FusDom: Combining In-Domain and Out-of-Domain Knowledge for Continuous Self-Supervised Learning
This addresses the problem of forgetting in self-supervised learning for ASR, offering a domain-specific incremental improvement.
The paper tackles catastrophic forgetting in continued pre-training for speech recognition by introducing FusDom, a method that combines in-domain and out-of-domain knowledge, resulting in WER improvements of 0.2 to 7.3 in the target domain while maintaining performance in earlier domains.

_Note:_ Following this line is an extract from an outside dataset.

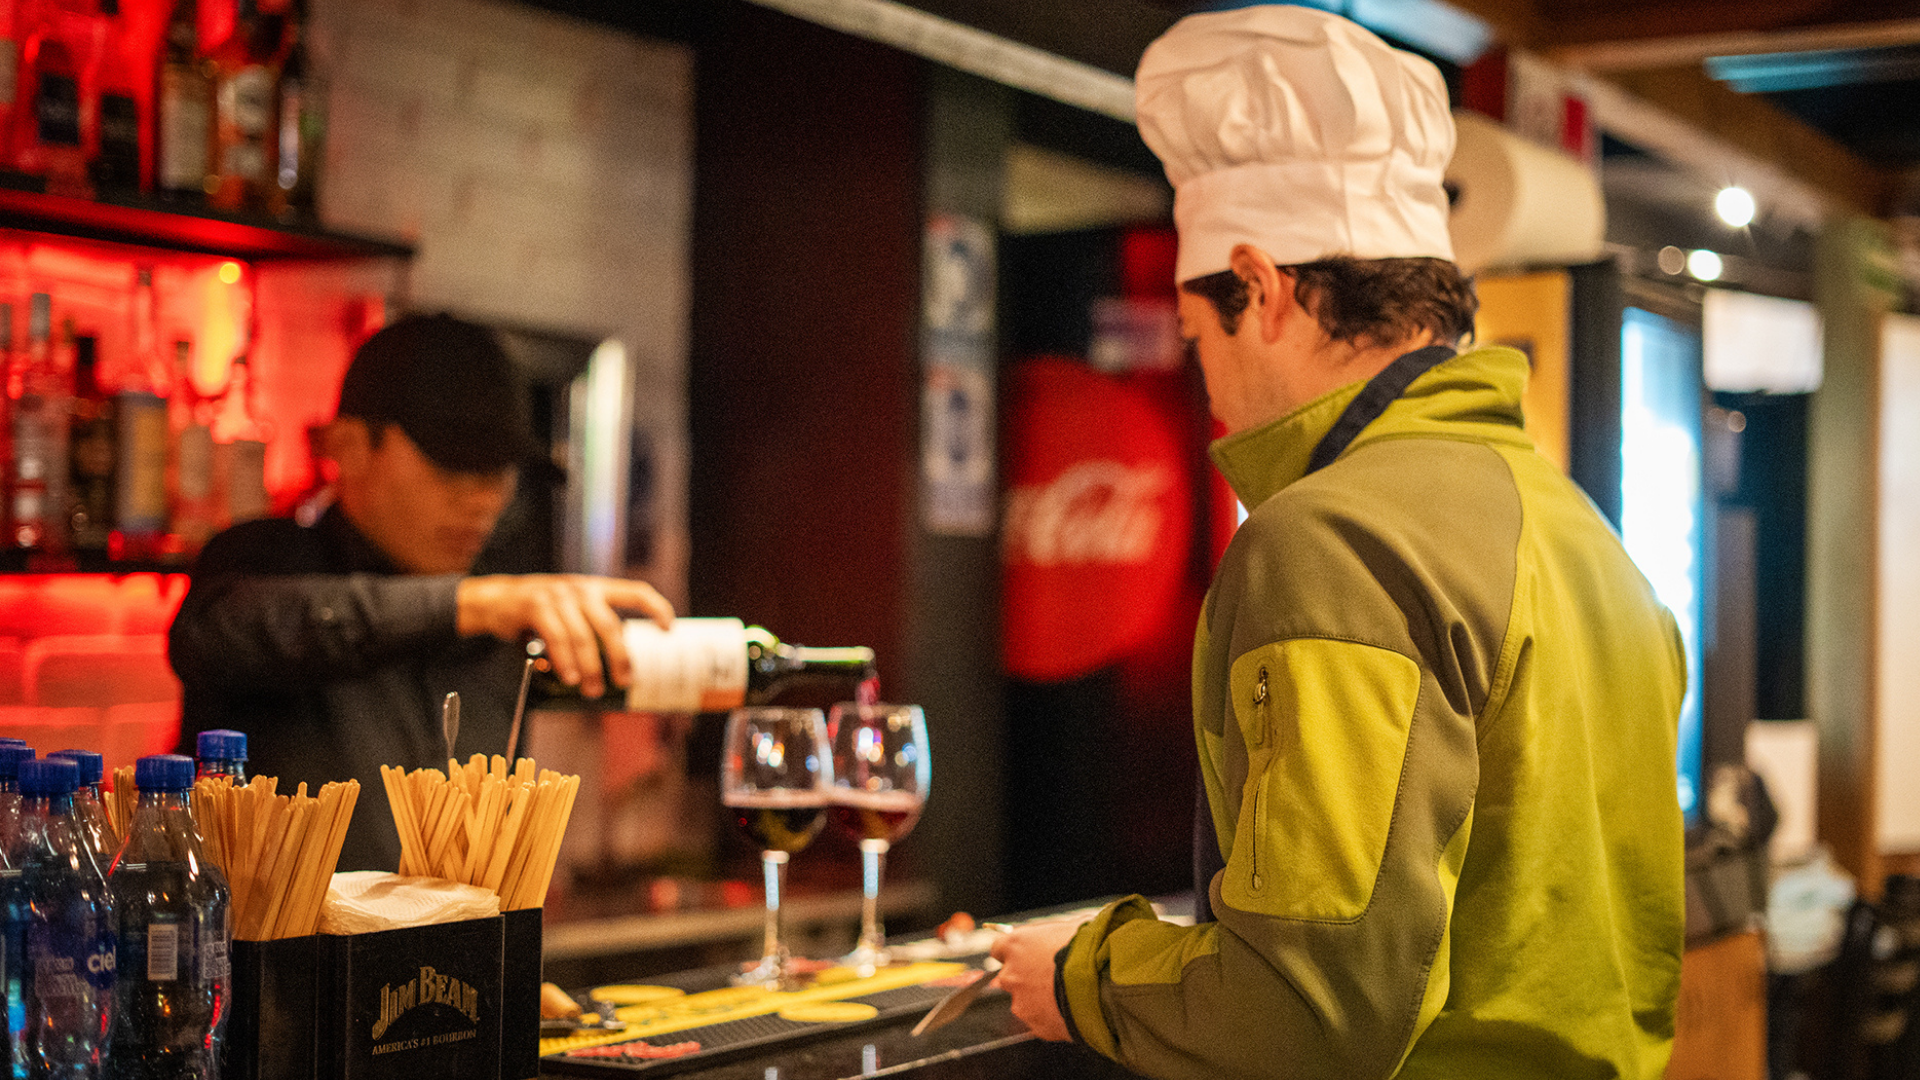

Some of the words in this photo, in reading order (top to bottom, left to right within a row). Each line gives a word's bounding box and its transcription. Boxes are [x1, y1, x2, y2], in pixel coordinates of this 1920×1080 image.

Continued pre-training (CP) offers multiple advantages, like target domain adaptation and the potential to exploit the continuous stream of unlabeled data available online. However, continued pre-training on out-of-domain distributions often leads to catastrophic forgetting of previously acquired knowledge, leading to sub-optimal ASR performance. This paper presents FusDom, a simple and novel methodology for SSL-based continued pre-training. FusDom learns speech representations that are robust and adaptive yet not forgetful of concepts seen in the past. Instead of solving the SSL pre-text task on the output representations of a single model, FusDom leverages two identical pre-trained SSL models, a teacher and a student, with a modified pre-training head to solve the CP SSL pre-text task. This head employs a cross-attention mechanism between the representations of both models while only the student receives gradient updates and the teacher does not. Finally, the student is fine-tuned for ASR. In practice, FusDom outperforms all our baselines across settings significantly, with WER improvements in the range of 0.2 WER - 7.3 WER in the target domain while retaining the performance in the earlier domain.